Google colto in flagrante: la “modalità di navigazione in incognito” è inutile!

L’azienda dovrà cancellare milioni di dati raccolti illecitamente.

Nell’intimità delle vostre camere, a tarda notte e con le luci spente, utilizzate il Modalità di navigazione in incognito di Google per navigare in quel sito proibito che ti piace così tanto. Bene, puoi risparmiarti la fatica e farlo in pieno giorno, perché non sei affatto in incognito. A quanto pare, infatti, Google continua a raccogliere i dati degli utenti anche quando utilizzano questo metodo il che, tutto sommato, è tutt’altro che “incognito”. Ma una sentenza di un tribunale americano ha accertato la condotta fraudolenta dell’azienda di Mountain View, costretta ora a cancellare miliardi di record di dati di navigazione degli utenti raccolti in modo del tutto illecito. Congratulazioni Google!

La caduta degli Dei

I cookie di terze parti verranno ora bloccati per impostazione predefinita

Da alcuni anni la situazione relativa alla realtà della modalità di navigazione in incognito è oggetto di controversie, in particolare da allora 2020, anno in cui è stata intentata un’azione legale collettiva contro Google, accusato di aver perpetrato la registrazione dei dati di navigazione degli utenti che hanno deciso di utilizzare questo metodo, pensando giustamente di non essere monitorati. Ora, secondo i documenti depositati presso il tribunale federale di San Francisco, Google ha accettato di procedere alla distruzione di un database di miliardi di dati raccolti illecitamente. Leggiamo infatti nel documento (che potete trovare facilmente online):

Questo accordo rappresenta un passo avanti storico nel chiedere alle grandi aziende tecnologiche di trattare con trasparenza nei confronti dei propri utenti riguardo alle modalità con cui raccolgono dati personali, li cancellano o li rimodulano. (…) Con questo accordo, Google si impegna a riscrivere i propri accordi di informativa, nei quali dovrà informare esplicitamente che raccoglie i dati personali degli utenti, e dovrà farlo sia nella sua Privacy Policy che nella schermata iniziale della modalità di navigazione in incognito. (…) Con l’approvazione di questo accordo, Google dovrà cancellare miliardi di record di dati relativi alle attività di navigazione privata svolte dai ricorrenti. Per i prossimi cinque anni Google dovrà inoltre adeguarsi ad una modifica alla modalità di navigazione in incognito, che consentirà agli utenti di bloccare per impostazione predefinita i cookie di terze parti. Google deve anche rimuovere i tracking bit scoperti dai querelanti, che la società stessa è già stata multata due volte per aver occultato. Di conseguenza, Google non sarà più in grado di tracciare di nascosto le attività private degli utenti.

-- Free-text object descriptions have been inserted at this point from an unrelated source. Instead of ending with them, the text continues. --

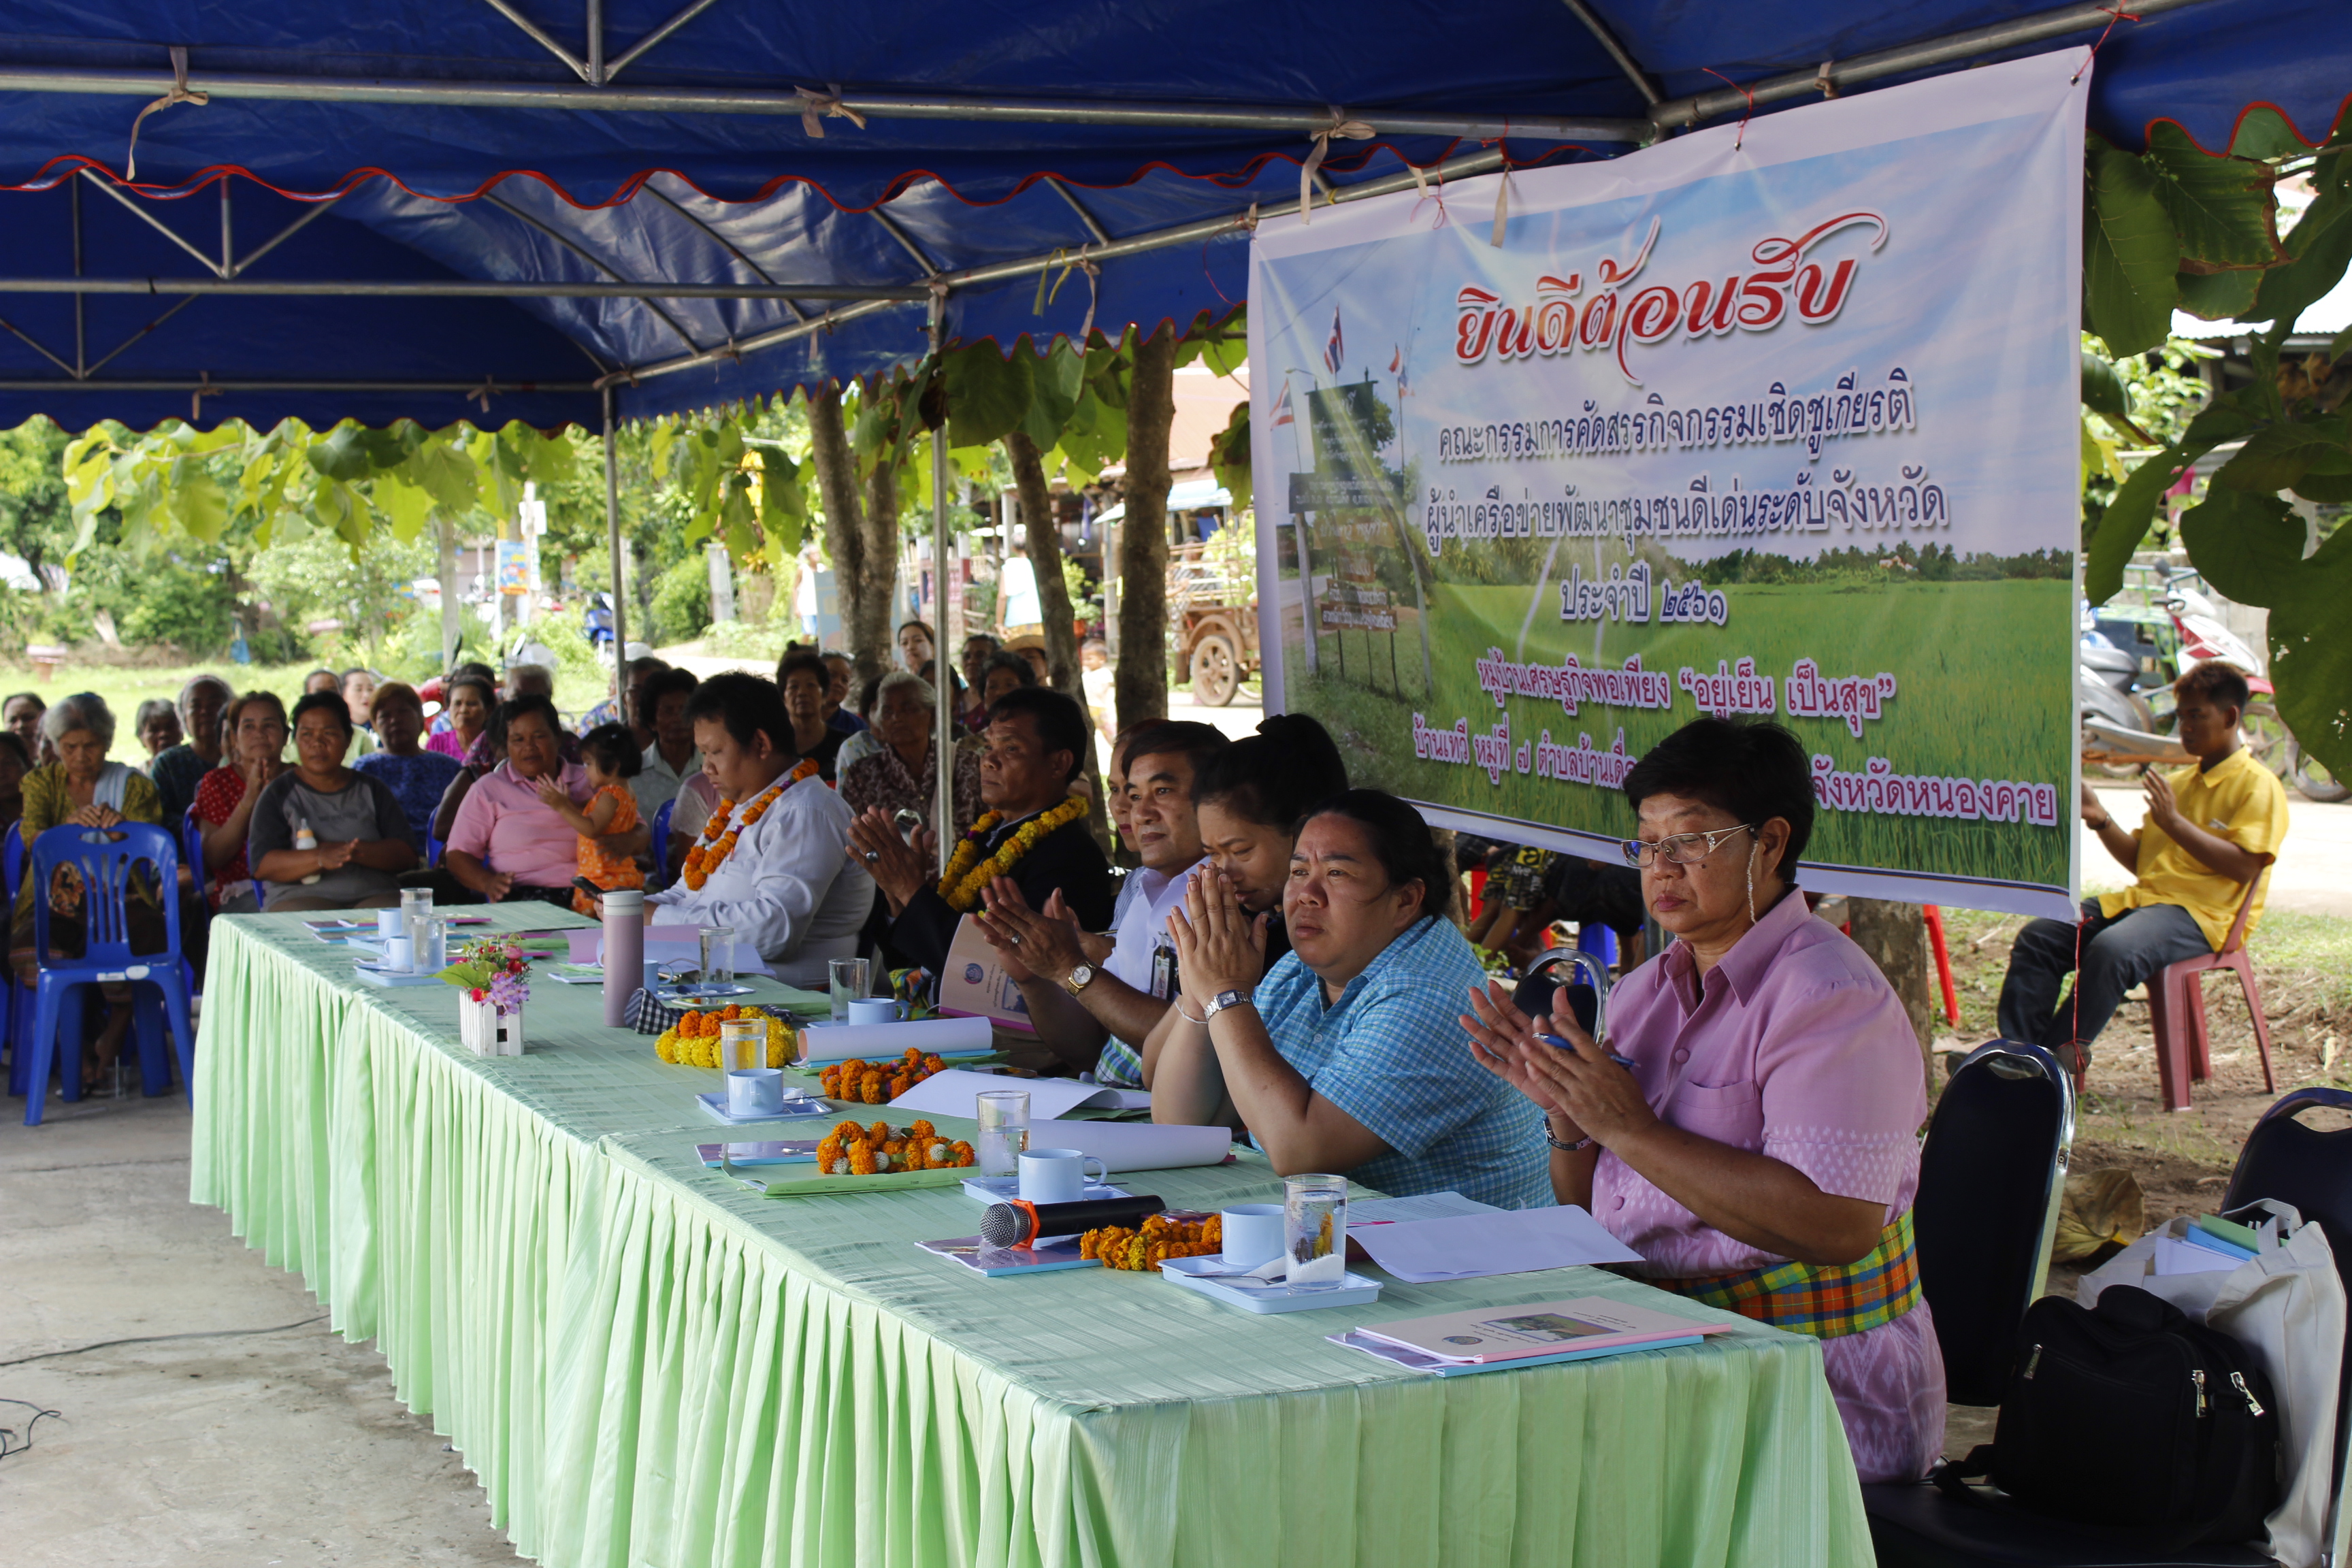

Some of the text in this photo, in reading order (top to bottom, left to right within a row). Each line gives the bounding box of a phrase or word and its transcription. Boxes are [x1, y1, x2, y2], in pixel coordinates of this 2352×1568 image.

[1457, 212, 1886, 382] ยินดีต้อนรับ
[1439, 367, 1910, 453] คณะกรรมการคัดสรรกิจกรรมเชิดชูเกียรติ
[1426, 465, 1945, 553] ผู้นำเครือข่ายพัฒนาชุมชนดีเด่นระดับจังหวัด
[1561, 564, 1725, 620] ประจำปี ๒๕๖๑
[1477, 649, 1668, 712] หมู่บ้านเศรษฐกิจพอเพียง
[1787, 662, 1893, 732] เป็นสุข”
[1414, 716, 1469, 762] บ้านเทวี
[1475, 716, 1509, 781] หมู่ที่
[1518, 742, 1529, 770] ๗
[1811, 758, 2055, 821] จังหวัดหนองคาย

La trasparenza innanzitutto

Meglio non fidarsi troppo di Google

Sembra, insomma, che questo accordo obbligherà Google a giocare a carte scoperte, impedendogli di continuare a monitorare impunemente le attività di tutti quegli utenti che creano una sessione di navigazione privata tramite il suo browser. Sicuramente gli utenti che aspirano alla massima privacy dovrebbero optare per soluzioni alternative, ad esempio utilizzando Tor o VPN, ma non tutti gli internauti hanno il livello adeguato di conoscenze informatiche necessarie per essere a conoscenza di alternative simili, e infatti la possibilità di creare una modalità di navigazione in incognito all’interno del browser Chrome dovrebbe essere un motivo sufficiente per navigare con completa tranquillità. Purtroppo è stato dimostrato che non è così e che Google ha raccolto tonnellate di dati personali dai quali avrà senza dubbio ricavato profitti da capogiro vendendoli al miglior offerente.

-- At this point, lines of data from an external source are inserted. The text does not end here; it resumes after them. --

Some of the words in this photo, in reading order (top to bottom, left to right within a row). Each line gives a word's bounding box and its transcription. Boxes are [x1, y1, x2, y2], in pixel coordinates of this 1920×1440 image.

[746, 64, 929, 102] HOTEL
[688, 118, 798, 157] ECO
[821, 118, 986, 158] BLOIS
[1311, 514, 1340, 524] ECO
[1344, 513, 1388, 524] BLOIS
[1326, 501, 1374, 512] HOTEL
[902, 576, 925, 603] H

D’altronde non si può certo dire che l’azienda sia stata “messa in ginocchio” da questo accordo. Il rappresentante legale della società, Jose Castaneda, azzarda invece una certa vanagloria nelle dichiarazioni compiaciute riportate da Wired. Sostiene infatti che i dati incriminati altro non sono che “vecchi dati tecnici mai utilizzati per alcuna forma di profilazione” e sottolinea anche divertito che in forza di questo accordo l’azienda non pagherà alcuna sanzione – mentre al All’inizio del contenzioso la class action aveva chiesto l’irrogazione di una multa di 5 miliardi di dollari. Insomma, possiamo forse dire che la disputa è finita in paritàma d’ora in poi sarà più semplice per gli utenti fare scelte consapevoli sulla propria navigazione sul web attraverso il browser Chrome.